→ **What the task asks**
All entries must be given again exactly as written.

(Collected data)
BEGIN

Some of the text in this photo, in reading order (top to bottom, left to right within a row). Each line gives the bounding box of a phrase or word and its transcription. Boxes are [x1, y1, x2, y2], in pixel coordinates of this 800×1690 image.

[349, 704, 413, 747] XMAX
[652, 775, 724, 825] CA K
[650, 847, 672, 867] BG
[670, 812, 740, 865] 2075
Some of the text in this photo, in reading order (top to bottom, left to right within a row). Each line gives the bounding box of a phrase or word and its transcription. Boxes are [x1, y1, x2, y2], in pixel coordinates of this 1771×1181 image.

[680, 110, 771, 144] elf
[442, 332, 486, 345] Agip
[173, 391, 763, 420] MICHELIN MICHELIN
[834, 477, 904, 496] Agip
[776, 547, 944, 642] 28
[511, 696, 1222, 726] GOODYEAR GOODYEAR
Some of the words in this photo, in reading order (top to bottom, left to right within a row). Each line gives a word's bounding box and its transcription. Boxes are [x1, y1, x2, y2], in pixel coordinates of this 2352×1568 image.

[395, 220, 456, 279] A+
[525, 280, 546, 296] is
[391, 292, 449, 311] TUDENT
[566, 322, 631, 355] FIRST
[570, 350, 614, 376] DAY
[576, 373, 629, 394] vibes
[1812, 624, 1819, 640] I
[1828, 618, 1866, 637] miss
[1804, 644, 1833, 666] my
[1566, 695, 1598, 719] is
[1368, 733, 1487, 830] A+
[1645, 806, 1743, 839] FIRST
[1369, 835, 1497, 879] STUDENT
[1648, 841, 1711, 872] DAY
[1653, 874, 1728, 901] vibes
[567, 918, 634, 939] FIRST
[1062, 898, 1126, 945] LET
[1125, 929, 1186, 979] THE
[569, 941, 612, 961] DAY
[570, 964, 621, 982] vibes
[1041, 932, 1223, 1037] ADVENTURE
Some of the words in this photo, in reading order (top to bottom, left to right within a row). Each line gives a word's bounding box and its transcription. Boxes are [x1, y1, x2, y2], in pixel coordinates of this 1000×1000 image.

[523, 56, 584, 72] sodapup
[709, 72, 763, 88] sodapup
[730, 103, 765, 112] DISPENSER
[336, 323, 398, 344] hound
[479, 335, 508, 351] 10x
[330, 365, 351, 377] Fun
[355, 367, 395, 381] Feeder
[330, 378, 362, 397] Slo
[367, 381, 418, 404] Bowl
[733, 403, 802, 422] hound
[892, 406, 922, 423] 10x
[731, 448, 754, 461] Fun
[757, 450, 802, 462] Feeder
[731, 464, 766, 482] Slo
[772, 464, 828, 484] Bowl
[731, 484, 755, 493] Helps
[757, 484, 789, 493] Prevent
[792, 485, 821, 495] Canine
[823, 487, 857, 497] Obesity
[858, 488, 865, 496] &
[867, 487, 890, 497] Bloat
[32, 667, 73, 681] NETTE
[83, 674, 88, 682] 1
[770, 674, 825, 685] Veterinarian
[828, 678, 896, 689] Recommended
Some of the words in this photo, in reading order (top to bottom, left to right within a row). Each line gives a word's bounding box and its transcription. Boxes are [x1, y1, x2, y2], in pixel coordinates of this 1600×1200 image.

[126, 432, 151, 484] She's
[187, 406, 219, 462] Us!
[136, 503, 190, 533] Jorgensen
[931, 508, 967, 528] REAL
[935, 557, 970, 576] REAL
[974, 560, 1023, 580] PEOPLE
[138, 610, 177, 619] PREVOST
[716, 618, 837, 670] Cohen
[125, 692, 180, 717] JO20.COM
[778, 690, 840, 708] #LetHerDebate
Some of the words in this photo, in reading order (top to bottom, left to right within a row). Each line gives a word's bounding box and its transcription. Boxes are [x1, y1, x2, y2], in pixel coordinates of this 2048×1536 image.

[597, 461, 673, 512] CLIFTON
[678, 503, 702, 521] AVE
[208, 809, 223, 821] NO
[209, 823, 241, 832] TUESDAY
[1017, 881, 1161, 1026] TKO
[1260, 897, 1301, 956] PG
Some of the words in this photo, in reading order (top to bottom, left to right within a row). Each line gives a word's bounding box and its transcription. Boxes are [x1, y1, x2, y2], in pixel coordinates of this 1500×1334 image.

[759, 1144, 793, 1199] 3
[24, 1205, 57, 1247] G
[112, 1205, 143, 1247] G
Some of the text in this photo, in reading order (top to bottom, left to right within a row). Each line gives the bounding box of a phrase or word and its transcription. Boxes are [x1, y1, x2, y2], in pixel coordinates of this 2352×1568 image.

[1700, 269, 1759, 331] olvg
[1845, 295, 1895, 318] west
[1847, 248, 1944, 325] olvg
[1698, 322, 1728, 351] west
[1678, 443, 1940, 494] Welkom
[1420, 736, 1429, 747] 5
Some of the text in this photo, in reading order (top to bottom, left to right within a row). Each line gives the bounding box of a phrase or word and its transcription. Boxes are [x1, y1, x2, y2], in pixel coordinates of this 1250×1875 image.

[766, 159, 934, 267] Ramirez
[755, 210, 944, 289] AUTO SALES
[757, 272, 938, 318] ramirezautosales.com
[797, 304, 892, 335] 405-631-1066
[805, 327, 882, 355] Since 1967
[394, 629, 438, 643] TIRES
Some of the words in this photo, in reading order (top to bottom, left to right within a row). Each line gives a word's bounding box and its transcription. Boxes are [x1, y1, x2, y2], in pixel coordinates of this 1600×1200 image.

END

→ **Exercise result**
Some of the text in this photo, in reading order (top to bottom, left to right within a row). Each line gives the bounding box of a phrase or word and its transcription. Boxes are [x1, y1, x2, y2], in pixel coordinates of this 800×1690 image.

[349, 704, 413, 747] XMAX
[652, 775, 724, 825] CA K
[650, 847, 672, 867] BG
[670, 812, 740, 865] 2075
Some of the text in this photo, in reading order (top to bottom, left to right within a row). Each line gives the bounding box of a phrase or word and its transcription. Boxes are [x1, y1, x2, y2], in pixel coordinates of this 1771×1181 image.

[680, 110, 771, 144] elf
[442, 332, 486, 345] Agip
[173, 391, 763, 420] MICHELIN MICHELIN
[834, 477, 904, 496] Agip
[776, 547, 944, 642] 28
[511, 696, 1222, 726] GOODYEAR GOODYEAR
Some of the words in this photo, in reading order (top to bottom, left to right within a row). Each line gives a word's bounding box and its transcription. Boxes are [x1, y1, x2, y2], in pixel coordinates of this 2352×1568 image.

[395, 220, 456, 279] A+
[525, 280, 546, 296] is
[391, 292, 449, 311] TUDENT
[566, 322, 631, 355] FIRST
[570, 350, 614, 376] DAY
[576, 373, 629, 394] vibes
[1812, 624, 1819, 640] I
[1828, 618, 1866, 637] miss
[1804, 644, 1833, 666] my
[1566, 695, 1598, 719] is
[1368, 733, 1487, 830] A+
[1645, 806, 1743, 839] FIRST
[1369, 835, 1497, 879] STUDENT
[1648, 841, 1711, 872] DAY
[1653, 874, 1728, 901] vibes
[567, 918, 634, 939] FIRST
[1062, 898, 1126, 945] LET
[1125, 929, 1186, 979] THE
[569, 941, 612, 961] DAY
[570, 964, 621, 982] vibes
[1041, 932, 1223, 1037] ADVENTURE
Some of the words in this photo, in reading order (top to bottom, left to right within a row). Each line gives a word's bounding box and its transcription. Boxes are [x1, y1, x2, y2], in pixel coordinates of this 1000×1000 image.

[523, 56, 584, 72] sodapup
[709, 72, 763, 88] sodapup
[730, 103, 765, 112] DISPENSER
[336, 323, 398, 344] hound
[479, 335, 508, 351] 10x
[330, 365, 351, 377] Fun
[355, 367, 395, 381] Feeder
[330, 378, 362, 397] Slo
[367, 381, 418, 404] Bowl
[733, 403, 802, 422] hound
[892, 406, 922, 423] 10x
[731, 448, 754, 461] Fun
[757, 450, 802, 462] Feeder
[731, 464, 766, 482] Slo
[772, 464, 828, 484] Bowl
[731, 484, 755, 493] Helps
[757, 484, 789, 493] Prevent
[792, 485, 821, 495] Canine
[823, 487, 857, 497] Obesity
[858, 488, 865, 496] &
[867, 487, 890, 497] Bloat
[32, 667, 73, 681] NETTE
[83, 674, 88, 682] 1
[770, 674, 825, 685] Veterinarian
[828, 678, 896, 689] Recommended
Some of the words in this photo, in reading order (top to bottom, left to right within a row). Each line gives a word's bounding box and its transcription. Boxes are [x1, y1, x2, y2], in pixel coordinates of this 1600×1200 image.

[126, 432, 151, 484] She's
[187, 406, 219, 462] Us!
[136, 503, 190, 533] Jorgensen
[931, 508, 967, 528] REAL
[935, 557, 970, 576] REAL
[974, 560, 1023, 580] PEOPLE
[138, 610, 177, 619] PREVOST
[716, 618, 837, 670] Cohen
[125, 692, 180, 717] JO20.COM
[778, 690, 840, 708] #LetHerDebate
Some of the words in this photo, in reading order (top to bottom, left to right within a row). Each line gives a word's bounding box and its transcription. Boxes are [x1, y1, x2, y2], in pixel coordinates of this 2048×1536 image.

[597, 461, 673, 512] CLIFTON
[678, 503, 702, 521] AVE
[208, 809, 223, 821] NO
[209, 823, 241, 832] TUESDAY
[1017, 881, 1161, 1026] TKO
[1260, 897, 1301, 956] PG
Some of the words in this photo, in reading order (top to bottom, left to right within a row). Each line gives a word's bounding box and its transcription. Boxes are [x1, y1, x2, y2], in pixel coordinates of this 1500×1334 image.

[759, 1144, 793, 1199] 3
[24, 1205, 57, 1247] G
[112, 1205, 143, 1247] G
Some of the text in this photo, in reading order (top to bottom, left to right within a row). Each line gives the bounding box of a phrase or word and its transcription. Boxes are [x1, y1, x2, y2], in pixel coordinates of this 2352×1568 image.

[1700, 269, 1759, 331] olvg
[1845, 295, 1895, 318] west
[1847, 248, 1944, 325] olvg
[1698, 322, 1728, 351] west
[1678, 443, 1940, 494] Welkom
[1420, 736, 1429, 747] 5
Some of the text in this photo, in reading order (top to bottom, left to right within a row). Each line gives the bounding box of a phrase or word and its transcription. Boxes are [x1, y1, x2, y2], in pixel coordinates of this 1250×1875 image.

[766, 159, 934, 267] Ramirez
[755, 210, 944, 289] AUTO SALES
[757, 272, 938, 318] ramirezautosales.com
[797, 304, 892, 335] 405-631-1066
[805, 327, 882, 355] Since 1967
[394, 629, 438, 643] TIRES
Some of the words in this photo, in reading order (top to bottom, left to right within a row). Each line gives a word's bounding box and its transcription. Boxes are [x1, y1, x2, y2], in pixel coordinates of this 1600×1200 image.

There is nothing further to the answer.